UN watchdog team visits Libyan nuclear sites

The UN nuclear watchdog said yesterday it had begun inspections of Libya’s nuclear facilities and visited four sites near the capital for the first time.

UN watchdog team visits Libyan nuclear sites

A spokesman for the International Atomic Energy Agency said the UN team, which arrived in Tripoli on Saturday led by IAEA chief Mohamed ElBaradei, was now drafting a work plan with the Libyan authorities for the coming weeks.

Earlier this month Libya acknowledged trying to develop banned weapons, including nuclear arms, and invited inspectors in.

“Inspections did commence on Sunday. Dr ElBaradei and his team went to four nuclear sites previously unvisited and all four were in the Tripoli area,” Mark Gwozdecky told reporters.

“Right now we are continuing our technical discussions with the Libyan authorities to develop a workplan for the days and weeks ahead.”

He gave no further details of the sites or what they contained.

Under the nuclear Non-Proliferation Treaty which Libya signed in the 1970s, the country is required to declare all sensitive nuclear installations to the United Nations.

The Libyans say they have been working on a pilot scale centrifuge uranium-enrichment programme but have not enriched any uranium.
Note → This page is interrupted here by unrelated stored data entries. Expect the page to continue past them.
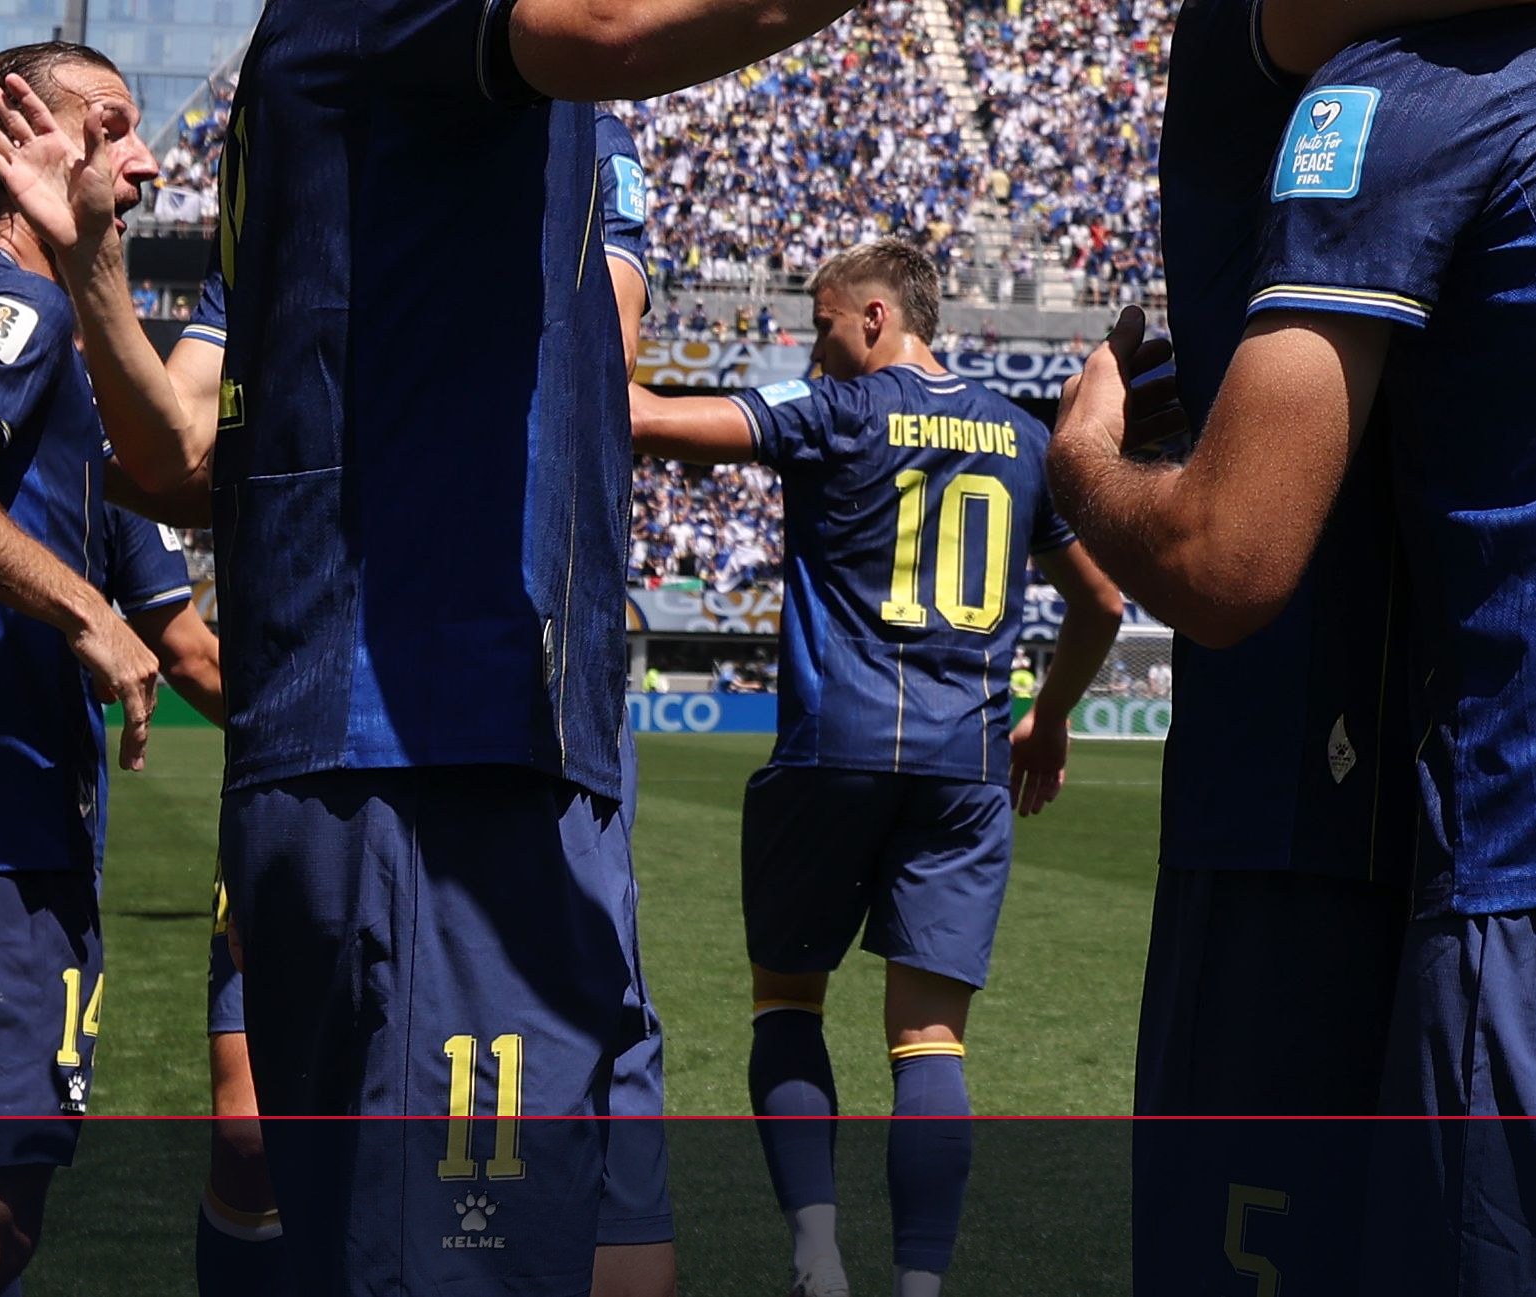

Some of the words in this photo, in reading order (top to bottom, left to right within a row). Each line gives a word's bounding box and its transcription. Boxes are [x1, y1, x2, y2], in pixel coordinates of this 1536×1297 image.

[1294, 134, 1322, 154] Unite
[1323, 131, 1342, 151] For
[1292, 152, 1336, 173] PEACE
[1296, 174, 1320, 184] FIFA
[946, 351, 1083, 381] GOA
[888, 413, 1017, 458] DEMIROVIĆ
[881, 469, 1012, 634] 10
[655, 589, 782, 616] GOA
[438, 1034, 525, 1181] 11
[442, 1236, 505, 1248] KELME
Enrichment is a process of purifying uranium for use as nuclear fuel or in weapons. Libya’s Foreign Minister Mohamed Abderrhmane Chalgam said on Saturday Tripoli had never crossed the line from laboratory experiments into actually making weapons.
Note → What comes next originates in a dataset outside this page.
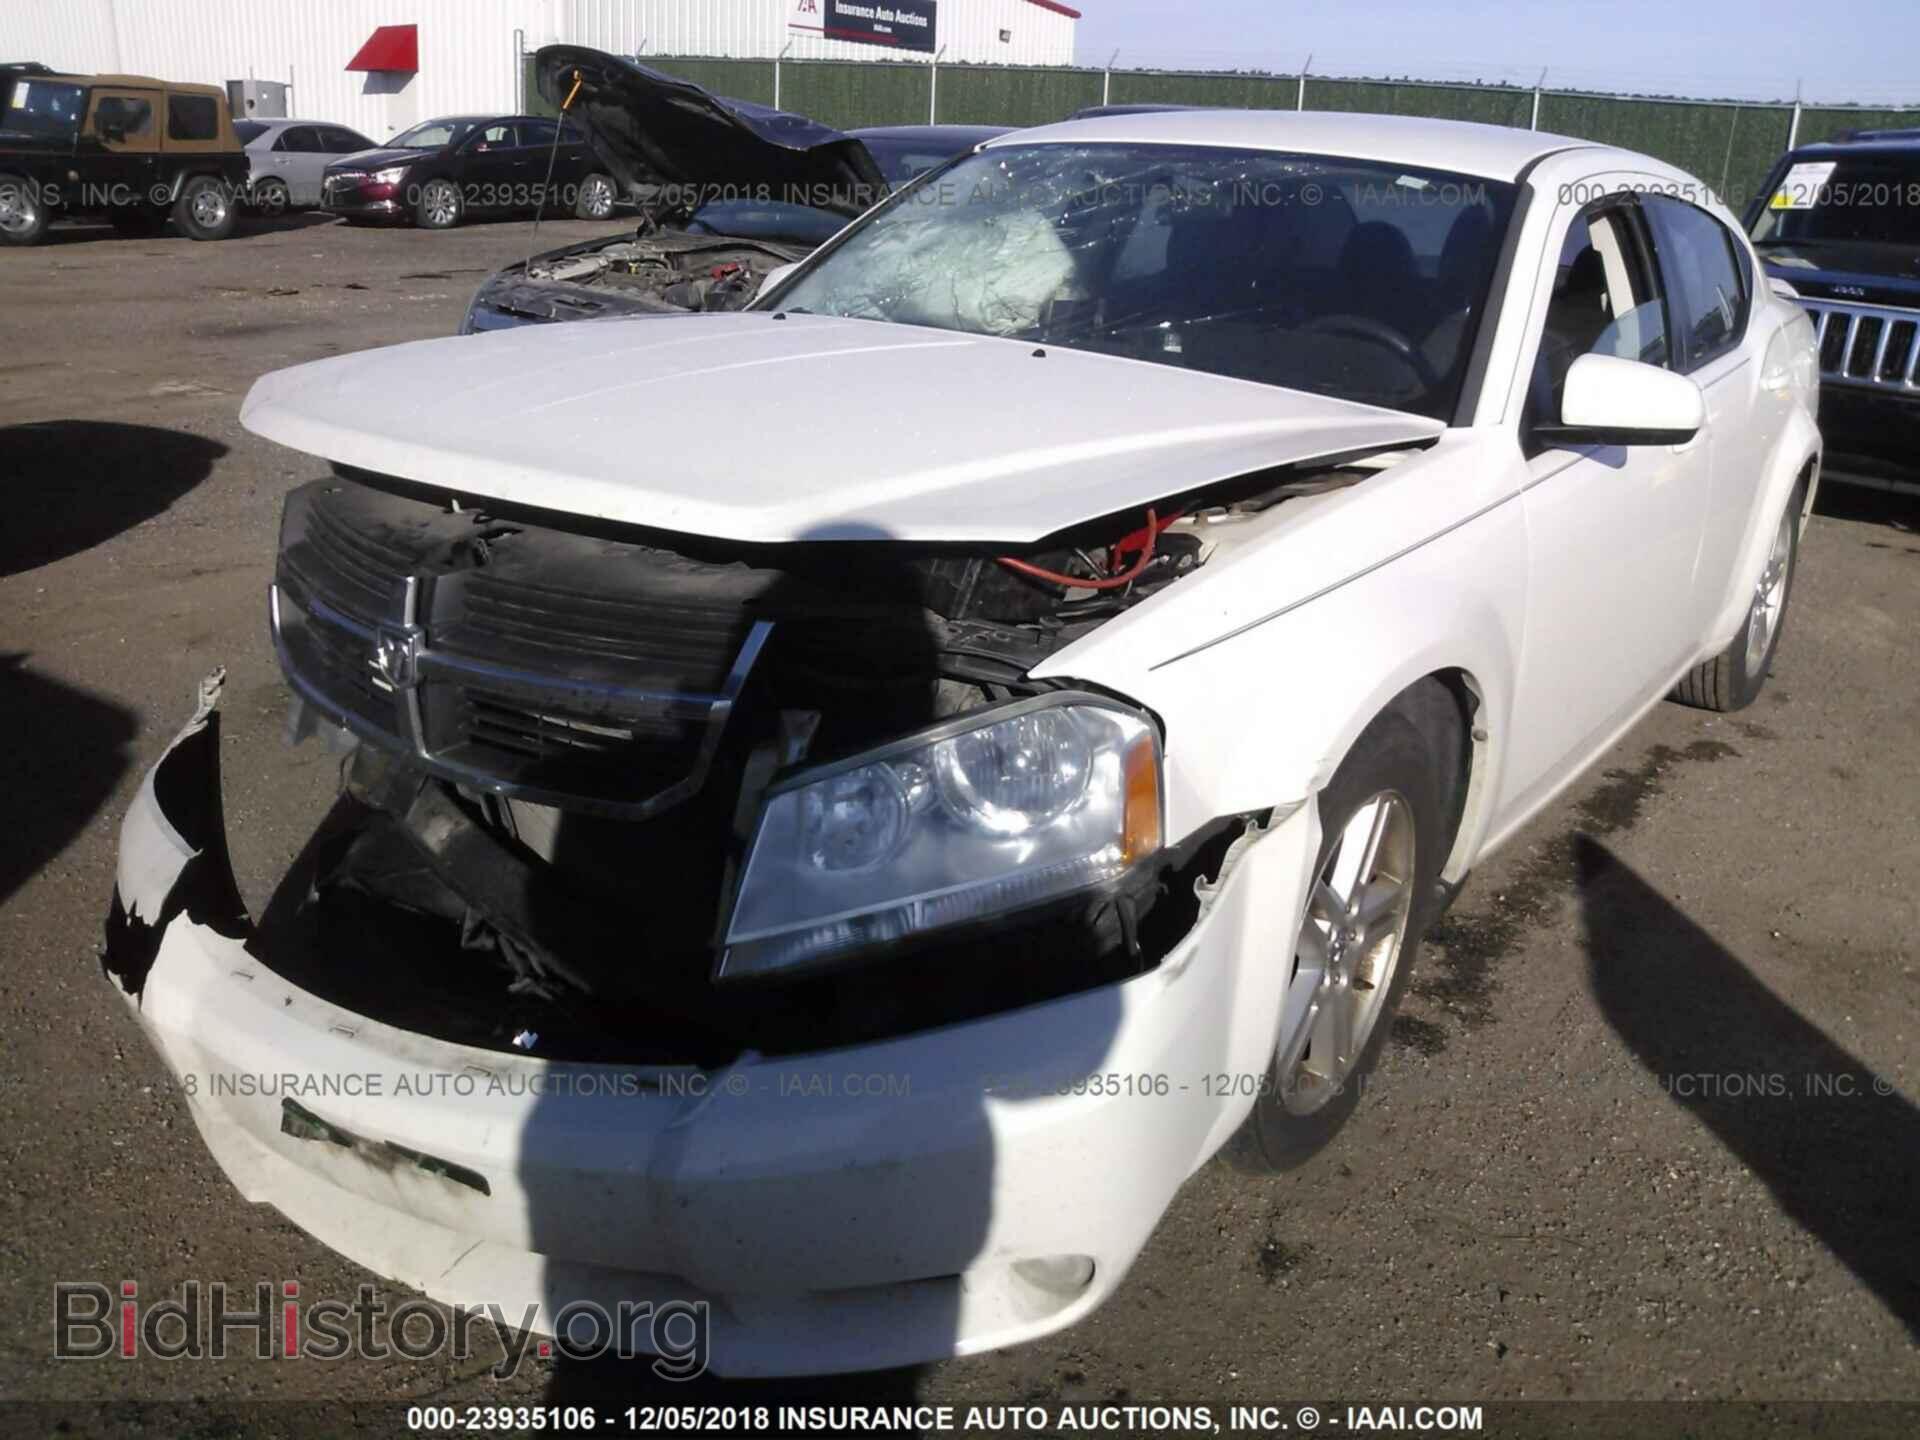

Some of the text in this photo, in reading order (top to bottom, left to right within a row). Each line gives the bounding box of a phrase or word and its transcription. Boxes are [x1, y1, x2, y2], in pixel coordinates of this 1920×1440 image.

[835, 1, 928, 28] Insurance Auto Auctions
Mr ElBaradei is expected to stay in Tripoli until today. He is scheduled to meet the deputy prime minister in charge of the nuclear programme and the prime minister.

A diplomat close to the delegation said it was possible Mr ElBaradei would meet Libyan leader Muammar Gaddafi today.

Other IAEA inspectors met the deputy prime minister, Matuq Mohamed Matuq, yesterday.

He is also minister for science and research and the head of Libya’s nuclear programme.

Those meeting him included Jacques Baute, head of the IAEA's Iraq Nuclear Verification Office, and Pierre Goldschmidt, IAEA deputy general-director and one of the main nuclear inspectors in Iran.

Some IAEA officials will stay in Tripoli until Thursday and are expected to be shown “everything they need to see”, said a diplomat close to the delegation.

Gaddafi’s oil-rich state, long on the US list of sponsors of terrorism, said earlier this month it was abandoning plans to build an atomic bomb and other banned weapons.

Although the United States and Britain had suggested Tripoli was close to developing a weapon, Mr ElBaradei said in an interview en route to Libya he did not think the North African state had been close to building a bomb.